- **Assignment**
Please repeat every entry exactly as written, but skip the pictures.
------------------------
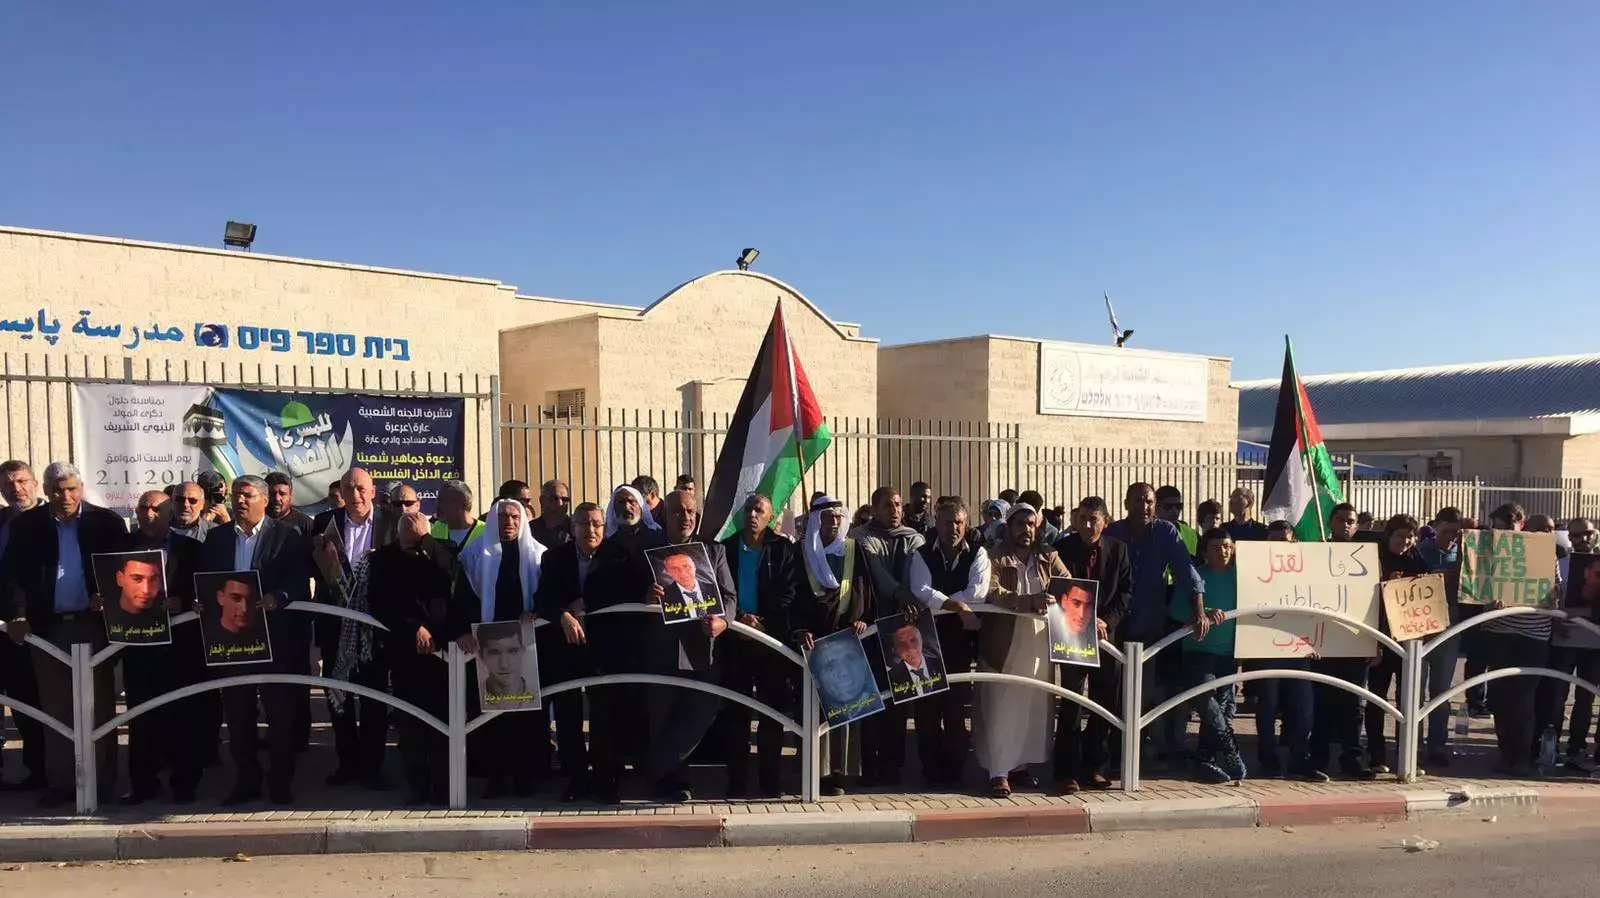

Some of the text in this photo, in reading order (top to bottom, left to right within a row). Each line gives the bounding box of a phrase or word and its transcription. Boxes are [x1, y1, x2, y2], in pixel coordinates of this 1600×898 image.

[72, 310, 184, 349] مدرسة
[238, 325, 411, 361] בית ספר פיס
[109, 396, 165, 406] بمناسبة حلول
[113, 408, 138, 418] المولد
[358, 405, 395, 418] الشعبية
[424, 407, 453, 420] تتشرف
[104, 421, 175, 434] النبوي الشريف
[402, 436, 426, 445] مساجد
[105, 453, 192, 465] يوم السبت الموافق
[357, 451, 388, 465] شعبنا
[391, 453, 424, 465] جماهير
[412, 468, 440, 480] الداخل
[442, 469, 460, 481] في
[1466, 531, 1525, 556] ARAB
[1257, 545, 1304, 583] لقتل
[142, 620, 165, 637] الشهيد
[244, 639, 266, 655] الشهيد
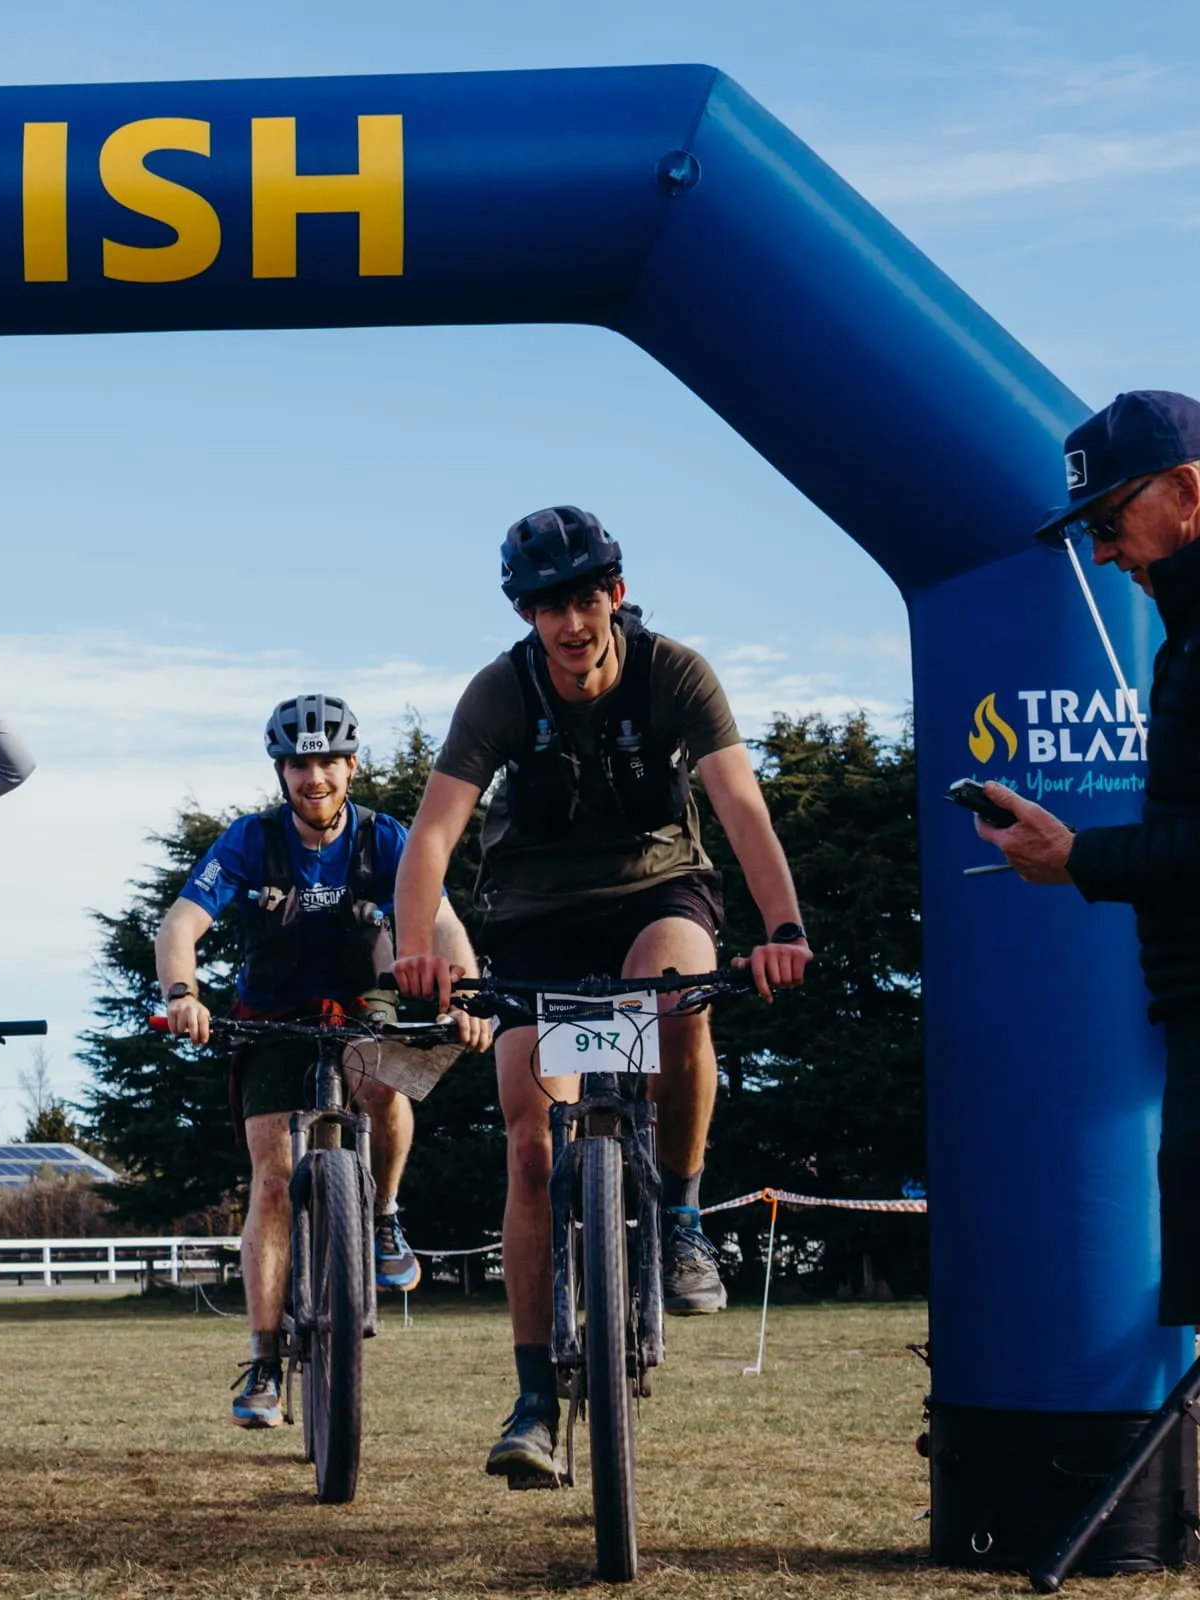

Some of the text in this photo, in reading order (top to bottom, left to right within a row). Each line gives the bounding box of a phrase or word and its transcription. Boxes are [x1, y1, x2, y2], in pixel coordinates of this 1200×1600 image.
------------------------
- **Your solution**
Some of the text in this photo, in reading order (top to bottom, left to right within a row). Each line gives the bounding box of a phrase or word and its transcription. Boxes are [x1, y1, x2, y2], in pixel coordinates of this 1600×898 image.

[72, 310, 184, 349] مدرسة
[238, 325, 411, 361] בית ספר פיס
[109, 396, 165, 406] بمناسبة حلول
[113, 408, 138, 418] المولد
[358, 405, 395, 418] الشعبية
[424, 407, 453, 420] تتشرف
[104, 421, 175, 434] النبوي الشريف
[402, 436, 426, 445] مساجد
[105, 453, 192, 465] يوم السبت الموافق
[357, 451, 388, 465] شعبنا
[391, 453, 424, 465] جماهير
[412, 468, 440, 480] الداخل
[442, 469, 460, 481] في
[1466, 531, 1525, 556] ARAB
[1257, 545, 1304, 583] لقتل
[142, 620, 165, 637] الشهيد
[244, 639, 266, 655] الشهيد

Some of the text in this photo, in reading order (top to bottom, left to right within a row). Each line gives the bounding box of a phrase or word and its transcription. Boxes are [x1, y1, x2, y2], in pixel coordinates of this 1200×1600 image.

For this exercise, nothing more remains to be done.